Problem based learning
Your obituary to Daniel Federman (BMJ 2017;359:4764) credits Dr Federman with introducing problem based learning to the Harvard medical school in 1985, apparently “based on experience at McMaster medical school in Hamilton, Ontario”. This may well be correct but I wonder if there may have been an earlier influence: Federman worked at University College Hospital Medical School in London from 1957 - 1959 with Eric Pochin where he would have seen ‘problem based learning’ on a daily basis.
Together with fellow students at UCH in the late 50s and early 60s this was the joy of our medical education. Up to thirty-three lectures a week? Certainly not. After a short introductory course there was only one, or sometimes two, lectures each day. In small groups of five or six students we were allocated individual patients to look after during their hospital stay. Attending twice-weekly ward rounds and clinics we took patients’ histories, examined them and presented our diagnoses for discussion with the consultant, members of the team and our fellow students. We scrubbed to assist in the operating theatre, attended x-ray conferences and the post-mortem room, and spent four weeks day and night on-call in the obstetric hospital to attend a minimum of twenty deliveries.
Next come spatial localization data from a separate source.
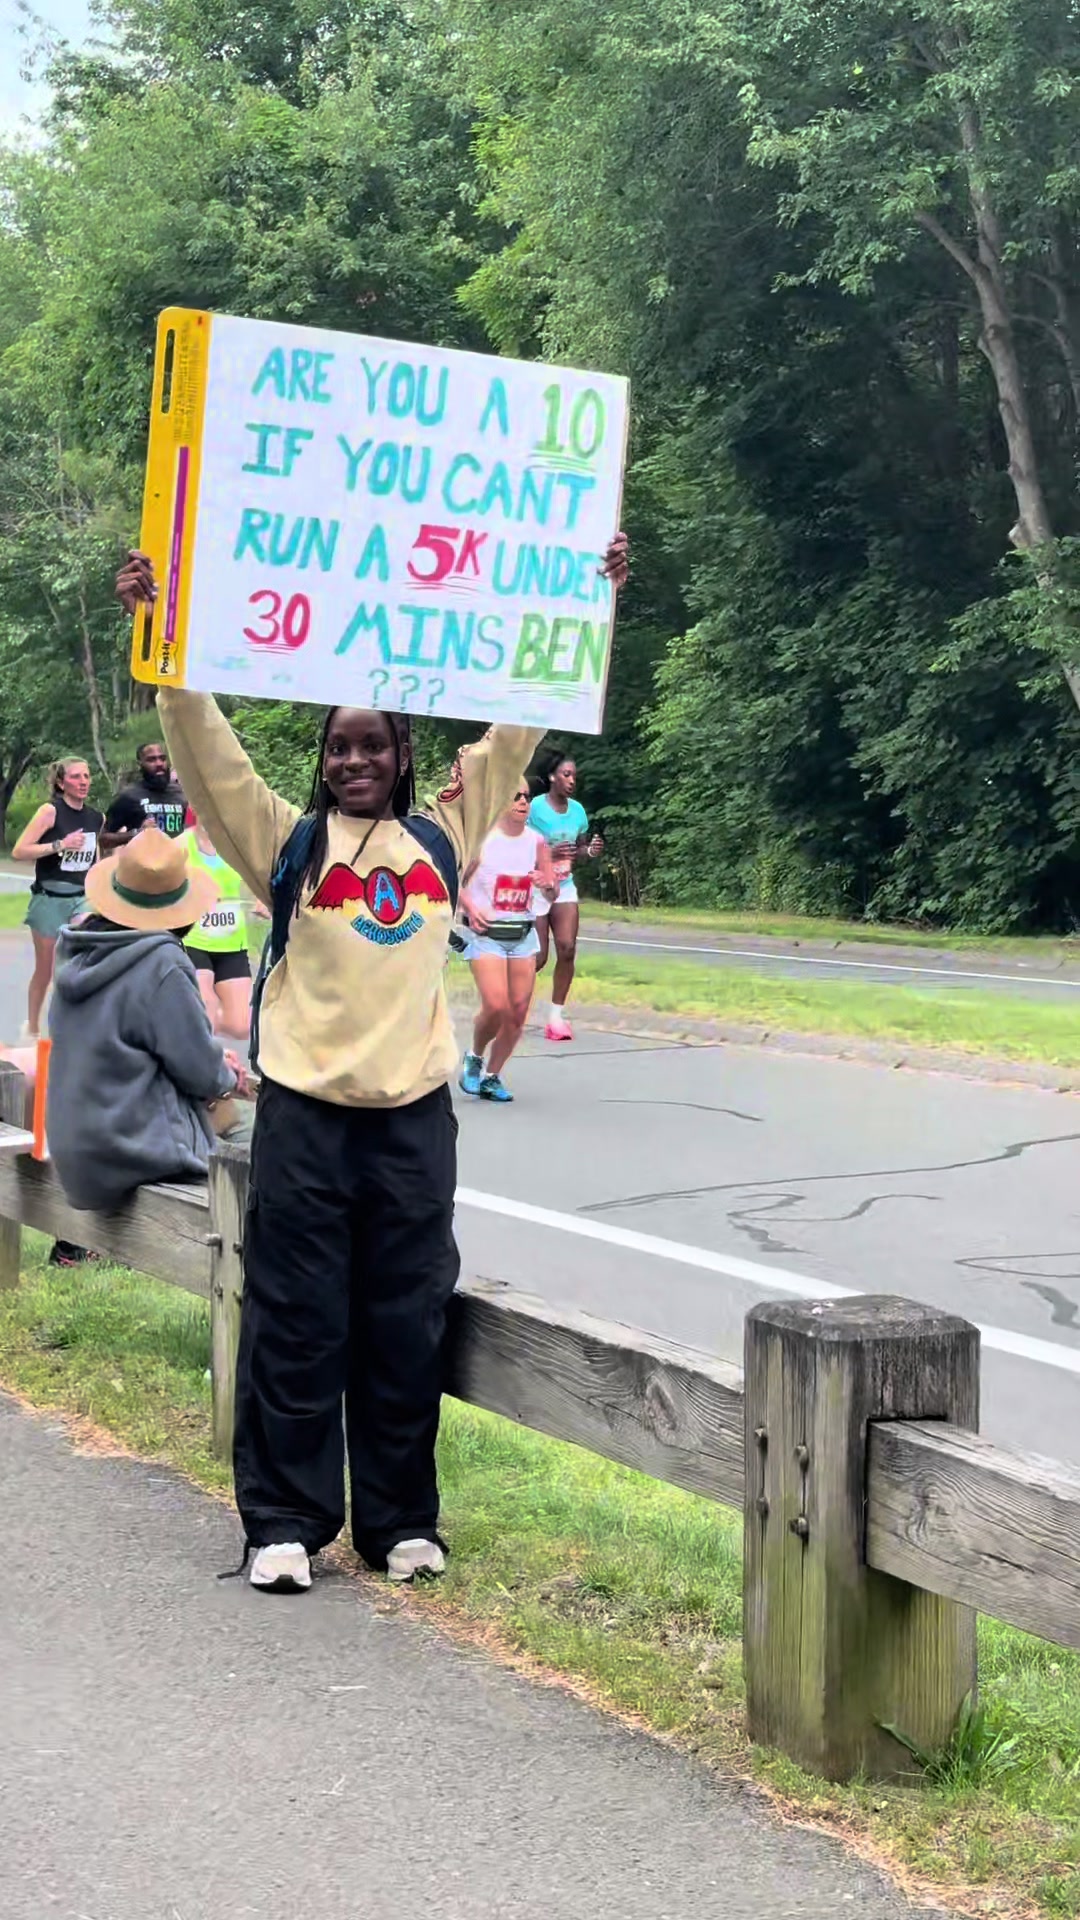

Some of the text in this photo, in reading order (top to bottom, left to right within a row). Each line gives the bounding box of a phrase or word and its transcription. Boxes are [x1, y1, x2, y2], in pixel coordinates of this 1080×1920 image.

[251, 346, 334, 403] ARE
[361, 357, 449, 426] YOU
[478, 376, 509, 436] A
[535, 383, 606, 458] 10
[242, 423, 596, 530] IF YOU CANT
[233, 507, 340, 572] RUN
[354, 523, 390, 583] A
[406, 523, 488, 582] 5K
[243, 589, 609, 683] 30 MINS BEN
[64, 850, 93, 863] 2418
[373, 871, 400, 913] A
[202, 911, 236, 927] 2009
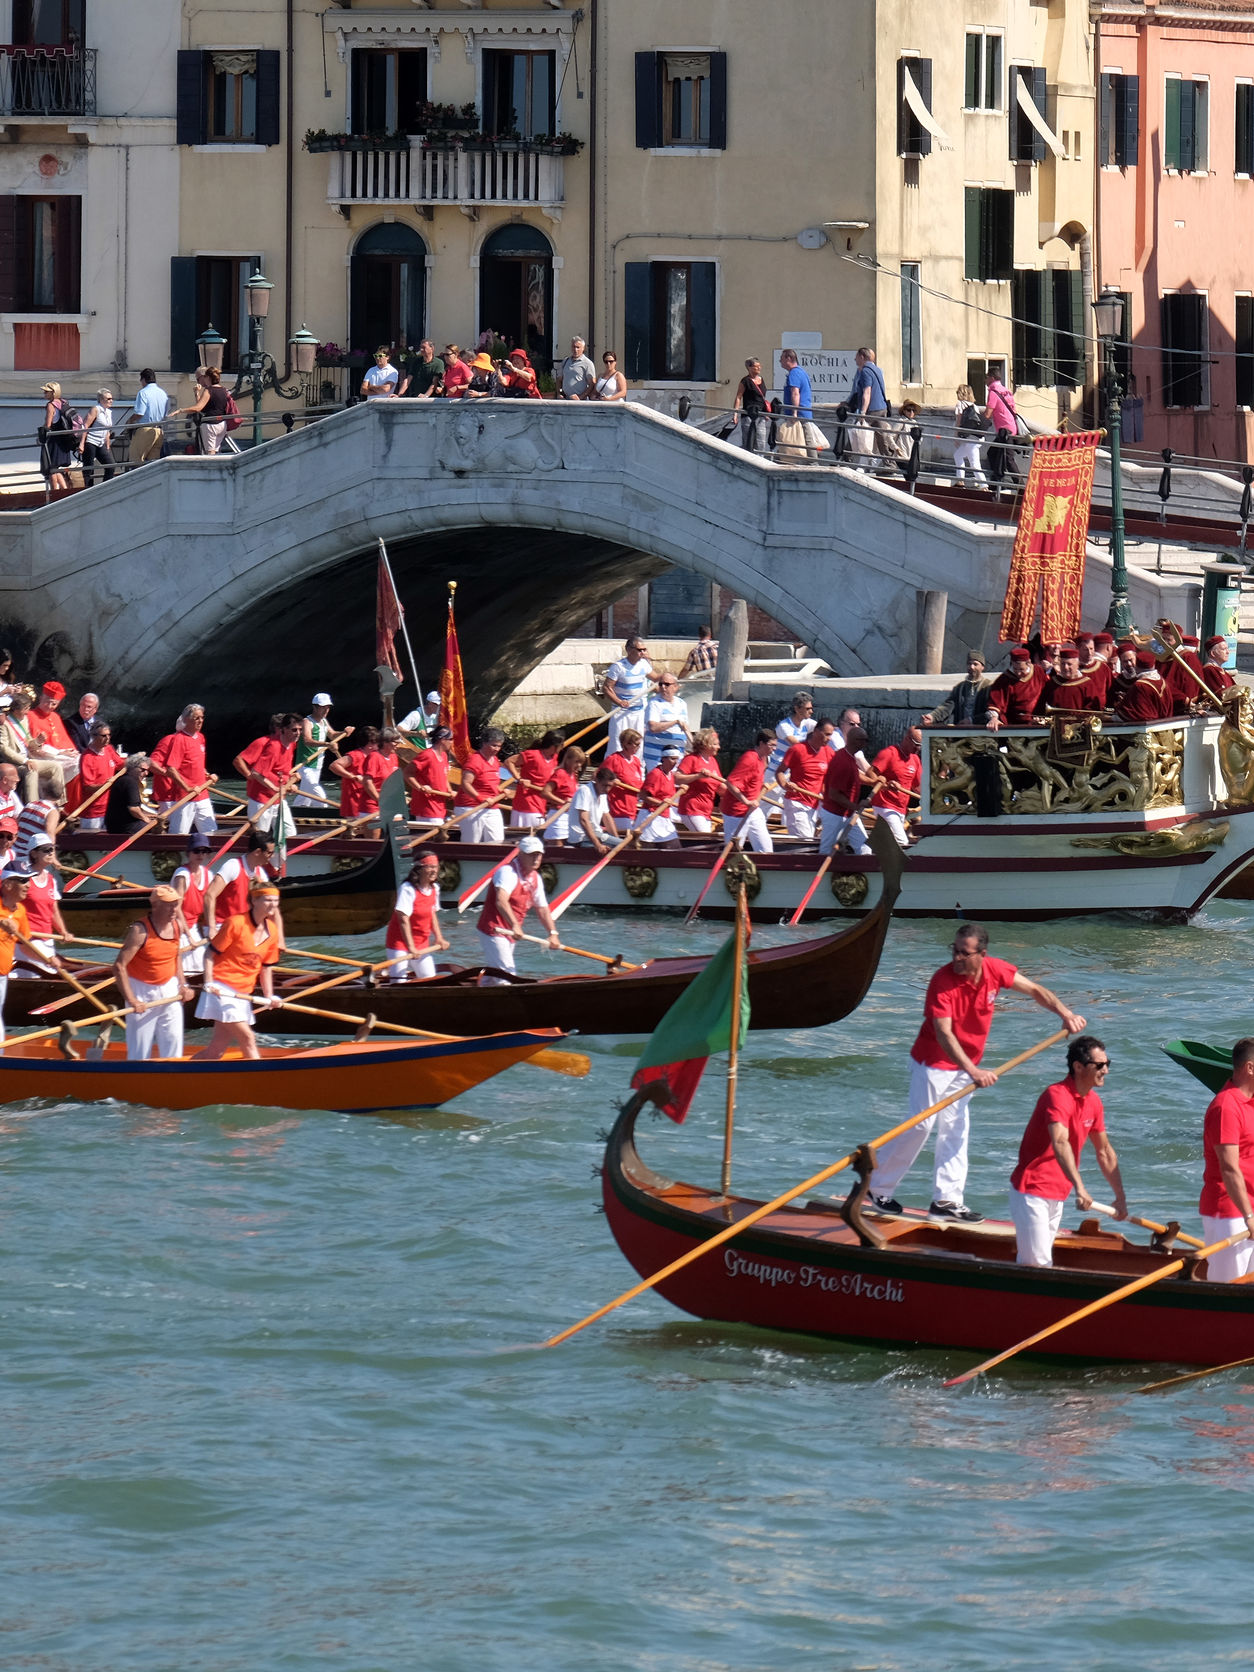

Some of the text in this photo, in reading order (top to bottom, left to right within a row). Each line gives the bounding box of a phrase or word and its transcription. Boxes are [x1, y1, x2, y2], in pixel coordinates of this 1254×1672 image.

[801, 357, 849, 367] ROCHIA
[810, 373, 849, 384] ARTIN
[724, 1249, 905, 1303] Gruppo Tre Archi
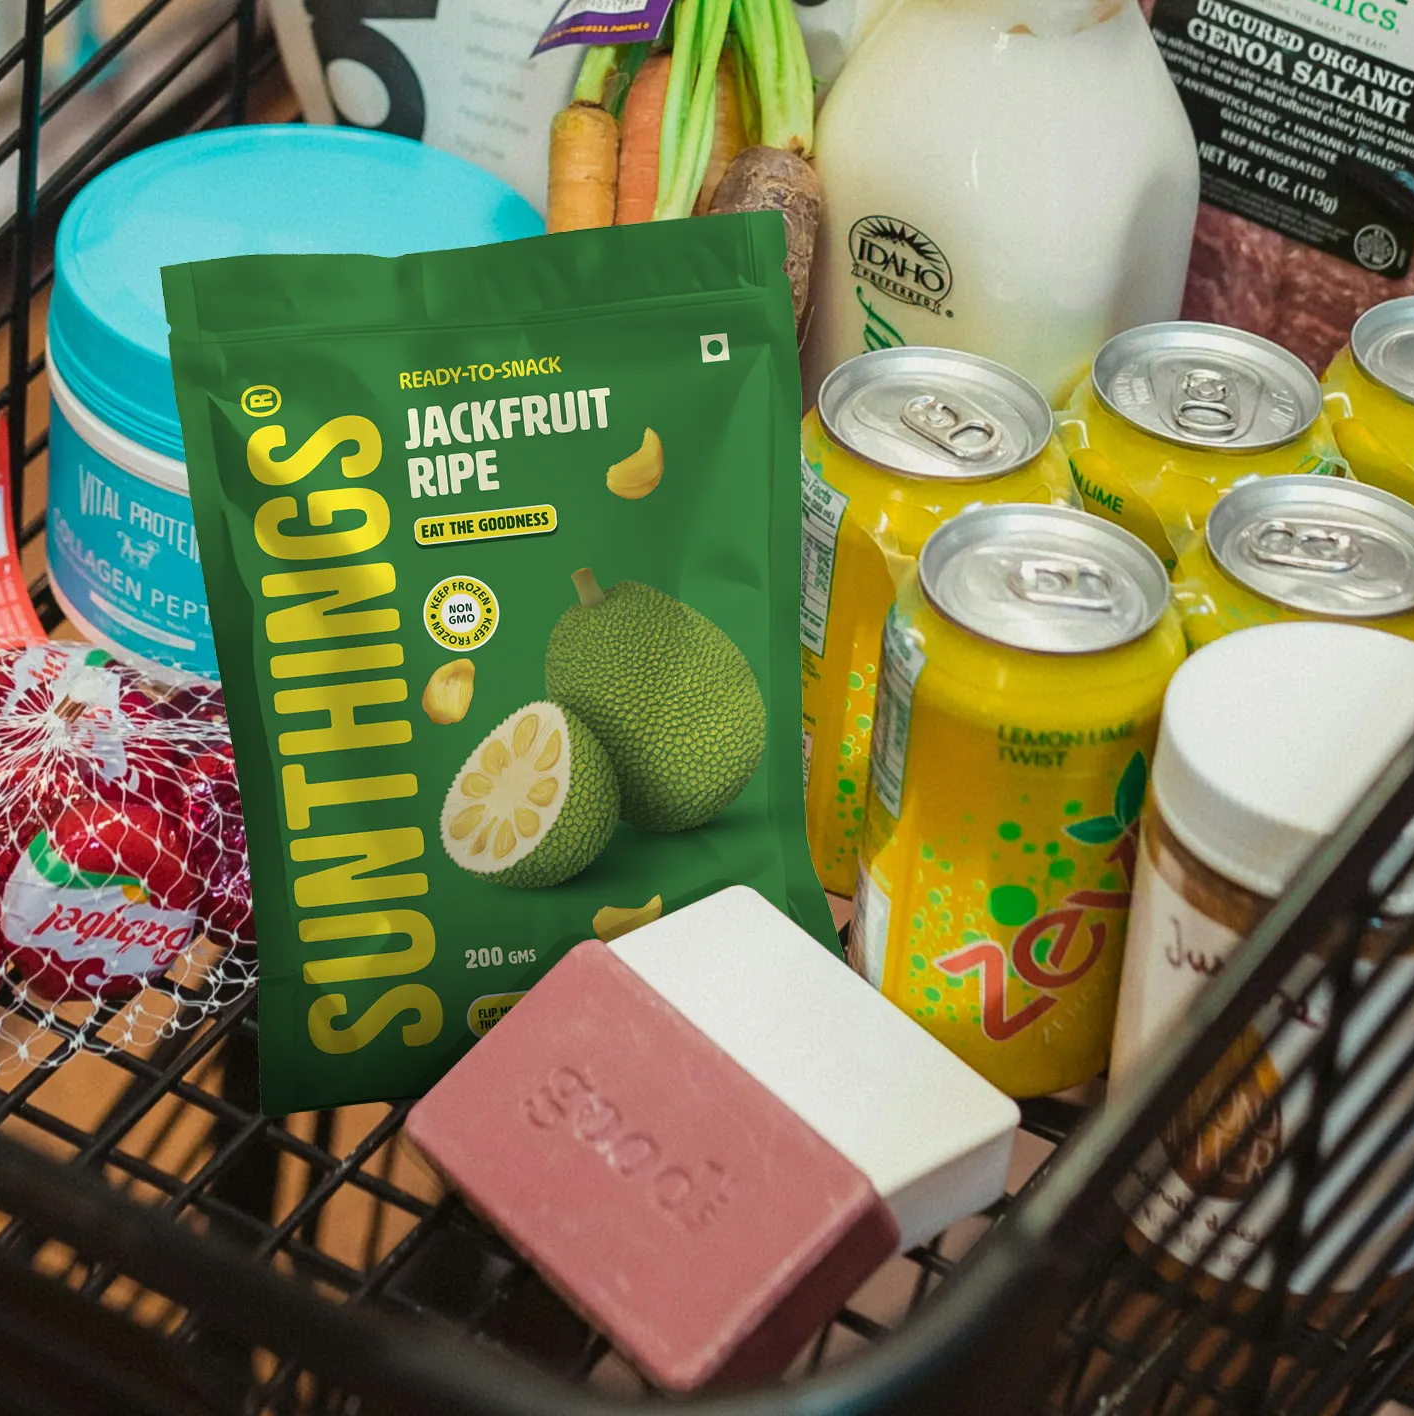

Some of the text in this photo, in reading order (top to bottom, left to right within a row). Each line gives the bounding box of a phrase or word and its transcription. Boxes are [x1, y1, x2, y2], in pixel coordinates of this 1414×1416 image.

[1165, 35, 1207, 60] nitrites
[1205, 53, 1219, 65] or
[1218, 56, 1263, 83] nitrates
[1261, 74, 1297, 97] added
[1295, 89, 1335, 114] except
[1333, 103, 1353, 120] for
[1352, 110, 1387, 133] those
[1183, 16, 1412, 124] GENOA SALAMI
[1181, 77, 1249, 113] ANTIBIOTICS
[1292, 122, 1355, 156] HUMANELY
[1199, 64, 1212, 76] in
[1211, 70, 1232, 85] sea
[1231, 77, 1254, 94] salt
[1254, 85, 1276, 103] and
[1274, 94, 1322, 122] cultured
[1320, 113, 1357, 137] celery
[1355, 127, 1385, 148] juice
[1218, 107, 1338, 164] GLUTEN & CASEIN FREE
[1219, 129, 1327, 181] KEEP REFRIGERATED
[1196, 142, 1340, 215] NET WT. 4 OZ. (113g)
[858, 237, 945, 292] IDAHO
[862, 268, 931, 309] PREFERRED
[399, 355, 562, 390] READY-TO-SNACK
[405, 387, 611, 450] JACKFRUIT
[78, 463, 122, 521] VITAL
[407, 449, 500, 499] RIPE
[1084, 476, 1125, 515] LIME
[421, 511, 550, 539] EAT THE GOODNESS
[52, 507, 142, 602] COLLAGEN
[430, 581, 492, 610] KEEP FROZEN
[448, 602, 473, 614] NON
[448, 614, 476, 625] GMO
[431, 617, 493, 646] KEEP FROZEN
[998, 721, 1134, 747] LEMON LIME
[999, 745, 1069, 768] TWIST
[31, 902, 189, 965] Babybel
[464, 946, 538, 969] 200 GMS
[478, 1007, 498, 1019] FLIP
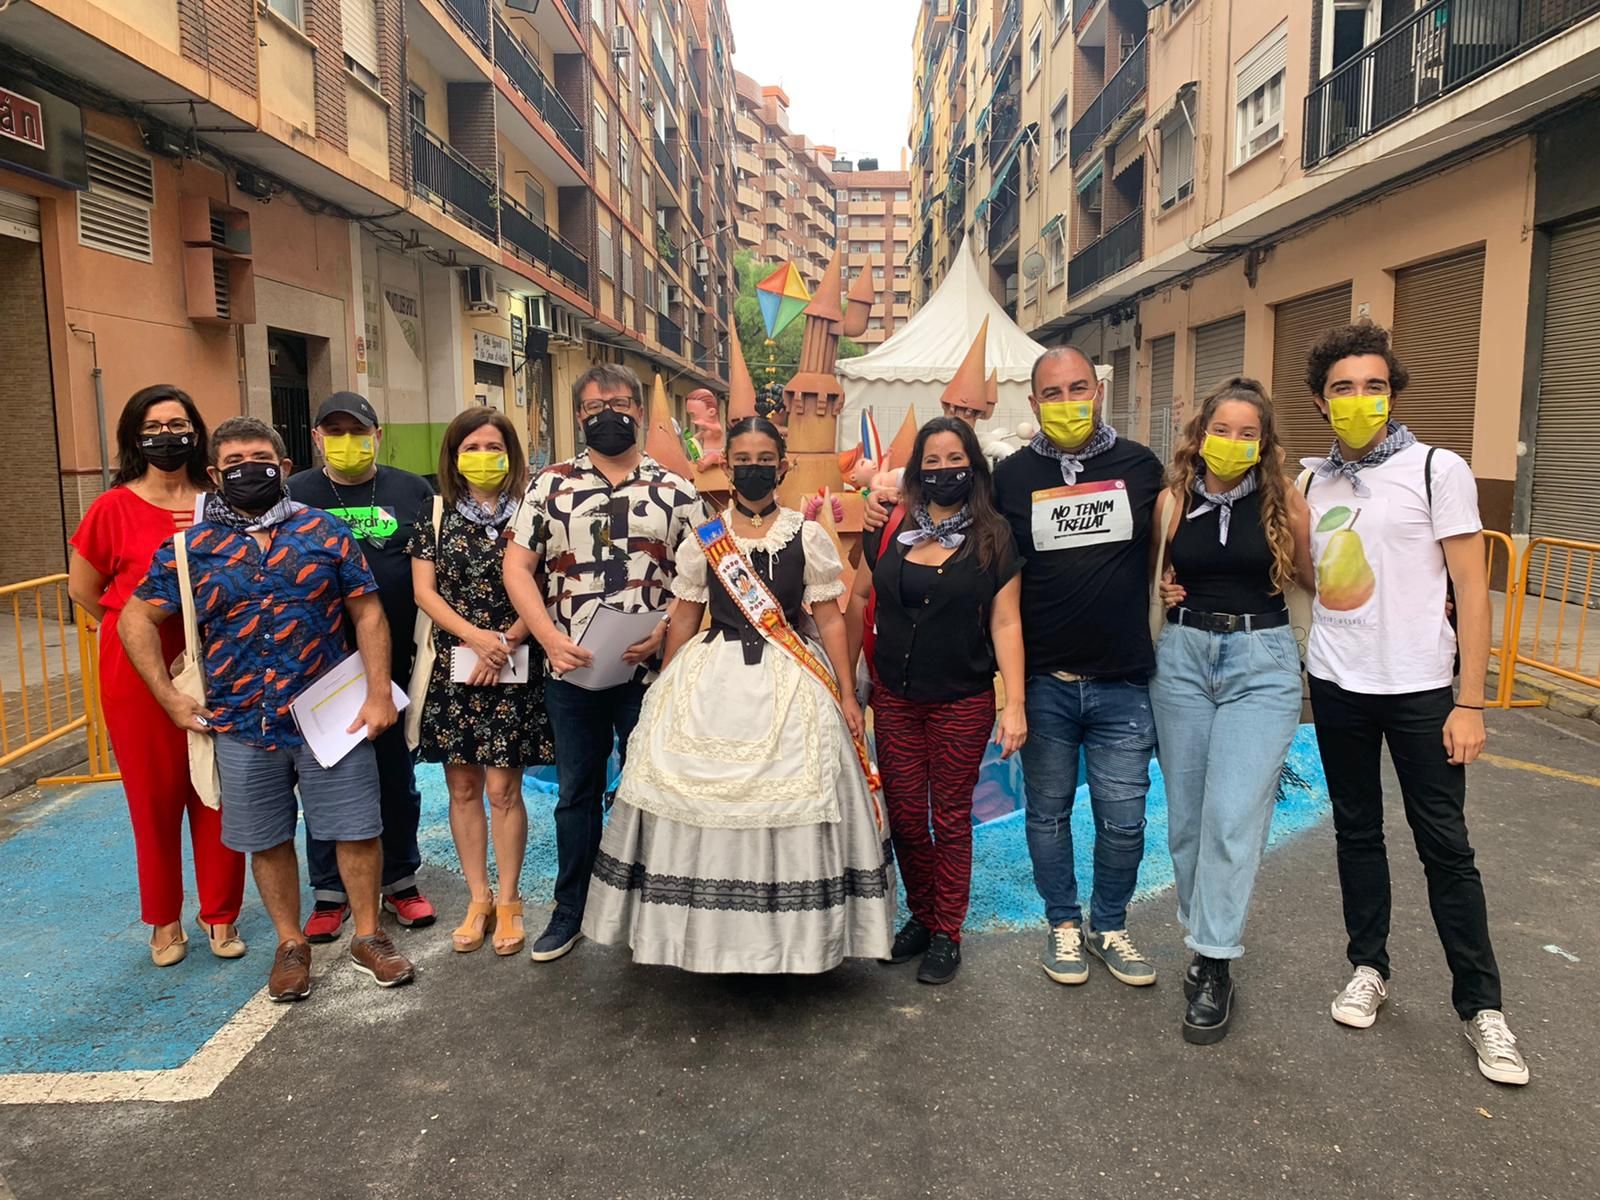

In 1964, having completed just one year of ‘House Jobs’ and working as a lone doctor of a mission hospital in central Africa I was presented one night with a whimpering young woman who had dislocated her shoulder, attended by her husband the village chief, his other five wives and a dozen villagers all armed with knives and spears that glinted in the moonlight. With no x-ray available and general anaesthetic out of the question I considered my options. Recalling an outpatient clinic attended as a senior student I found the solution. The surgeon had quizzed us on the management of dislocated shoulder and, using a fellow student as an example, had taught us in vivid terms the simple but effective Kocher’s manoeuvre. Rehearsing this in my mind I then practiced my problem based learning. With a gentle ‘click’ that seemed to echo through the dark forest the head of the humerus slipped into place – and the patient and her grateful family disappeared into the night. A few months before, recalling what I had learned as a student while holding the retractors during three midnight Caesarean sections, I was able to perform my own first Caesar to deliver a healthy baby boy using spinal anaesthesia. I wonder how a graduate fresh from our British medical schools in 2017 would have fared?